## WHAT YOU SHOULD DO
Set down all of the records below exactly, please, omitting the images.

Records from a collection:
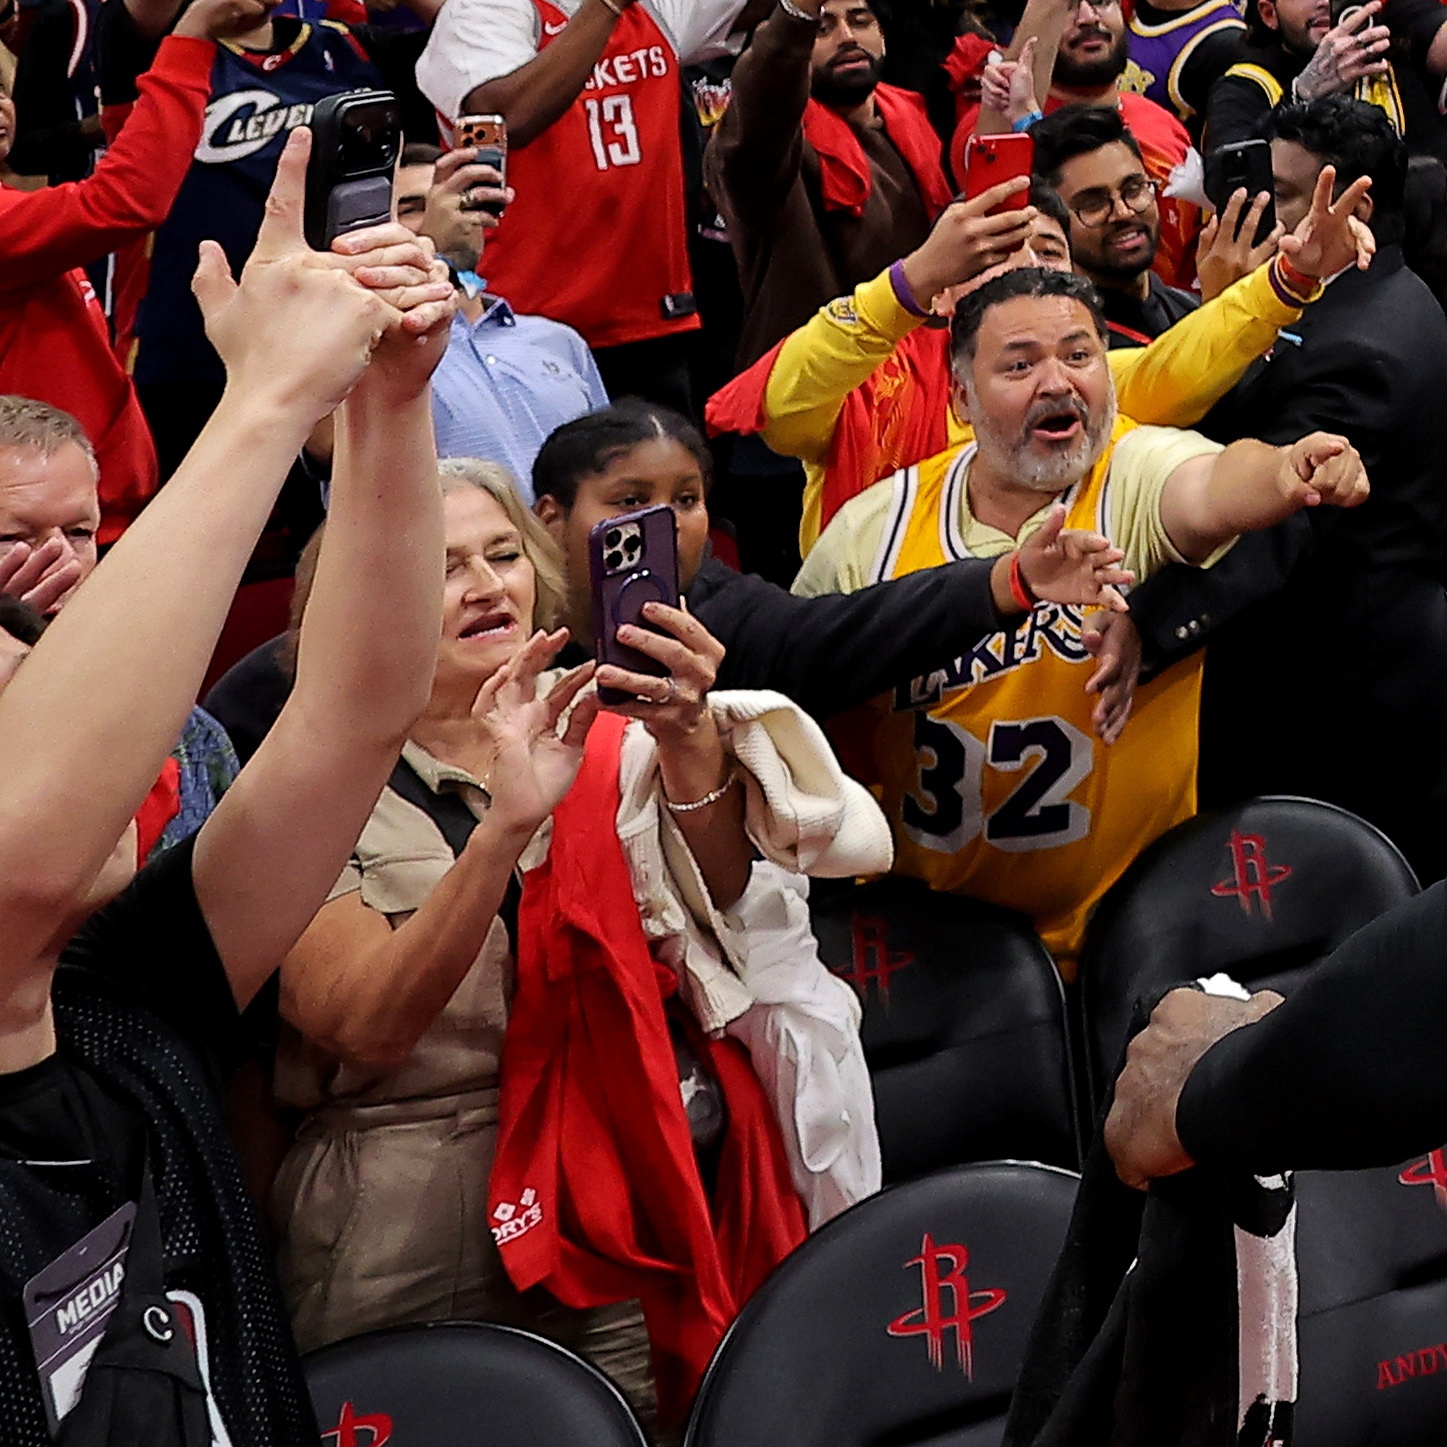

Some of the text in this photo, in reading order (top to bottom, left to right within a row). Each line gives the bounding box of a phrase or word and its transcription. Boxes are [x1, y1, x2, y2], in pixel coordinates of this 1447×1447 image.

[584, 46, 668, 90] KETS
[585, 93, 642, 171] 13
[902, 710, 1094, 853] 32
[56, 1262, 125, 1335] MEDIA
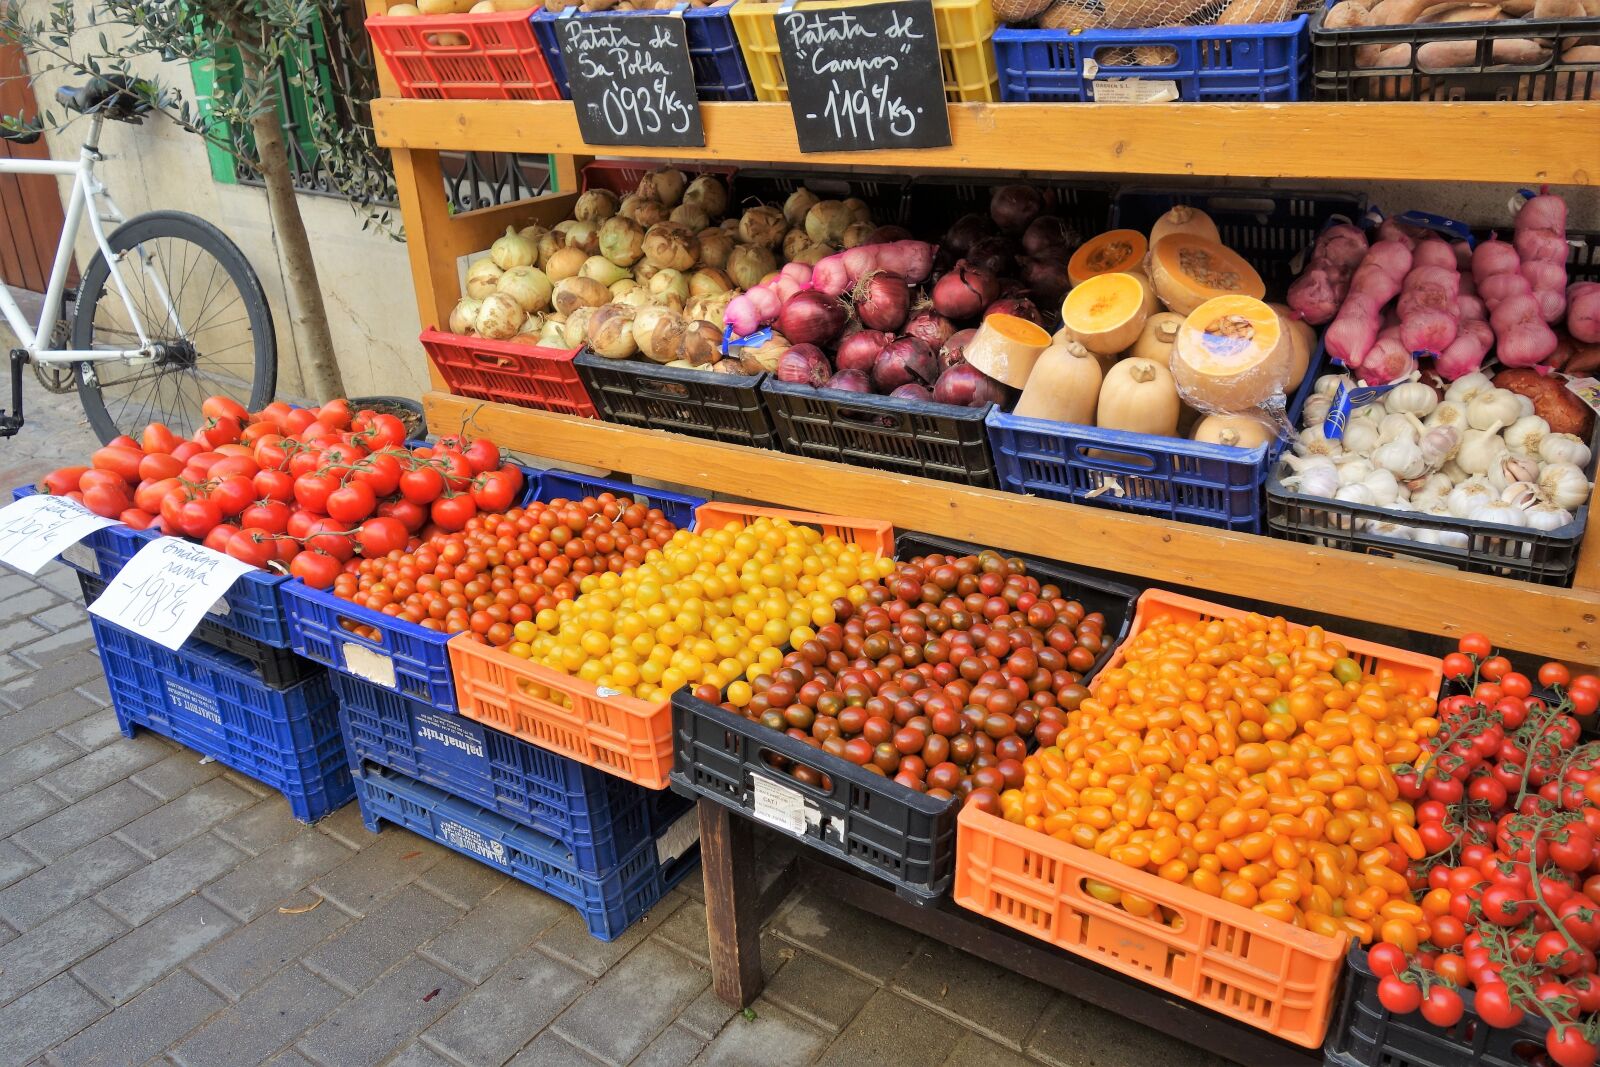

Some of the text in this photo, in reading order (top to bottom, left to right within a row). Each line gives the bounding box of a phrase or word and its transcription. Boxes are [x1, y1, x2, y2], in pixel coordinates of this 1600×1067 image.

[649, 24, 678, 48] de
[784, 10, 924, 49] Patata de
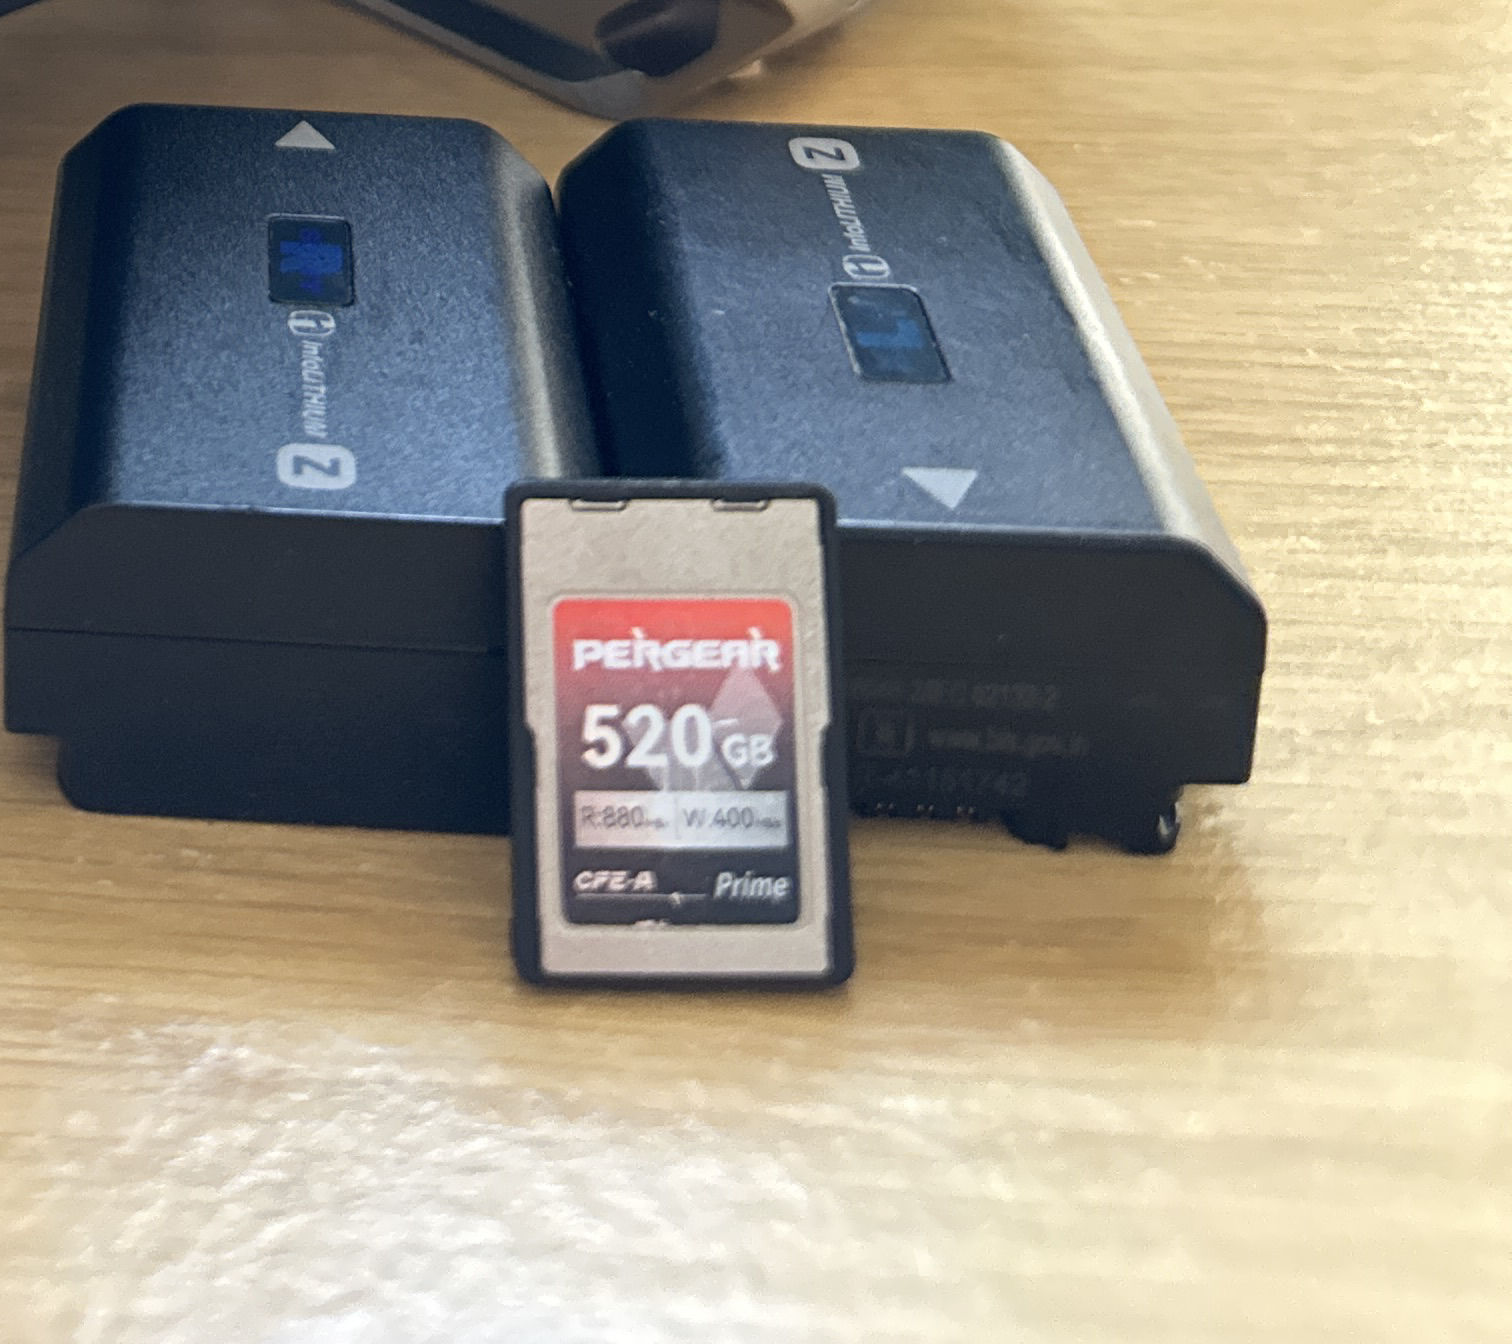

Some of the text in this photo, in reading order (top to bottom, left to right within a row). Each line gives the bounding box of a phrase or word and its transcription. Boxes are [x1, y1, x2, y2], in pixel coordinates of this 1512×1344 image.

[573, 627, 780, 672] PERGEAR
[581, 703, 774, 769] 520 GB
[714, 870, 789, 899] Prime
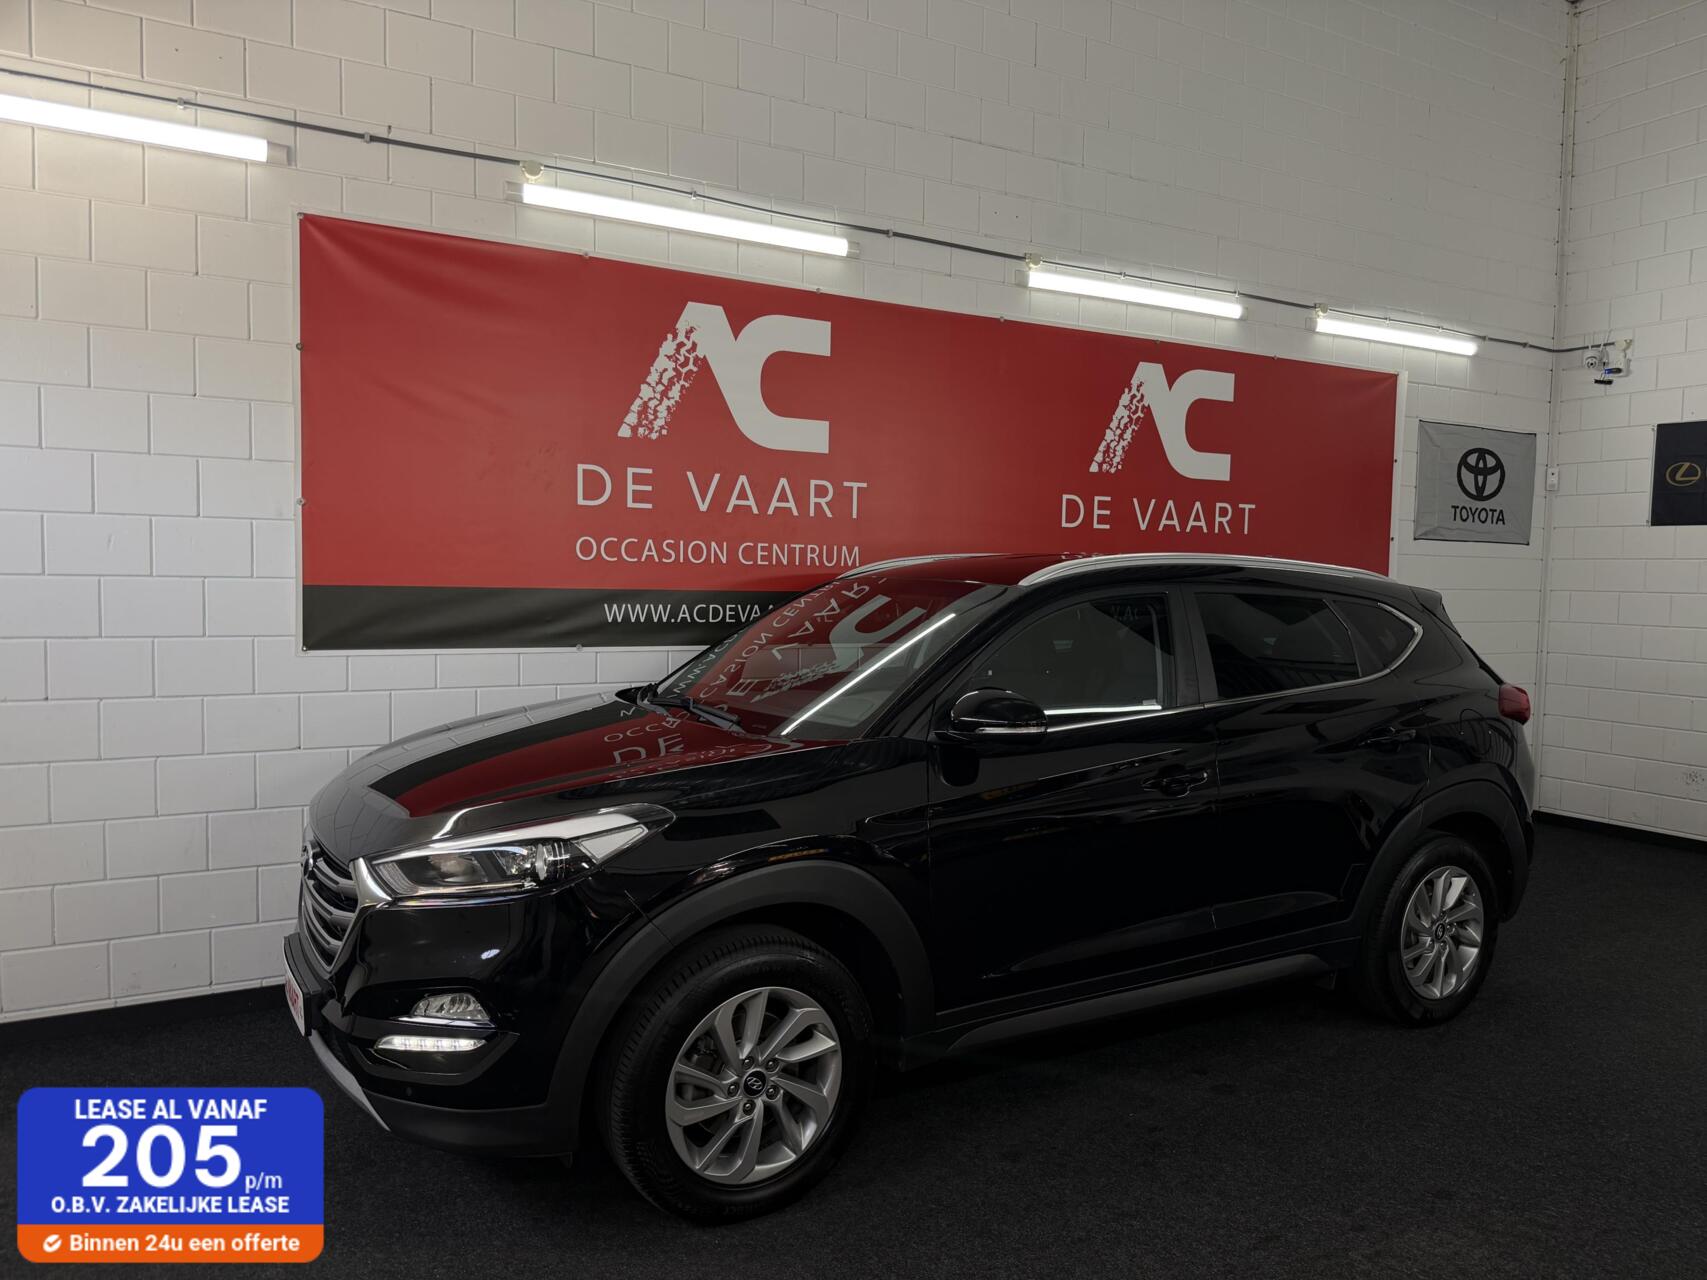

## RESPONSE
Some of the text in this photo, in reading order (top to bottom, left to right within a row). Each line gives the bounding box of a phrase or word and its transcription. Boxes are [x1, y1, x2, y2], in pixel coordinates of this 1447×1447 image.

[584, 46, 668, 90] KETS
[585, 93, 642, 171] 13
[902, 710, 1094, 853] 32
[56, 1262, 125, 1335] MEDIA

Some of the text in this photo, in reading order (top to bottom, left to right within a row). Each line gives the bounding box of a phrase or word and its transcription. Boxes are [x1, y1, x2, y2], in pixel coordinates of this 1600×1067 image.

[649, 24, 678, 48] de
[784, 10, 924, 49] Patata de

Some of the text in this photo, in reading order (top to bottom, left to right within a row). Each line gives the bounding box of a phrase or word and its transcription. Boxes are [x1, y1, x2, y2], in pixel coordinates of this 1512×1344 image.

[573, 627, 780, 672] PERGEAR
[581, 703, 774, 769] 520 GB
[714, 870, 789, 899] Prime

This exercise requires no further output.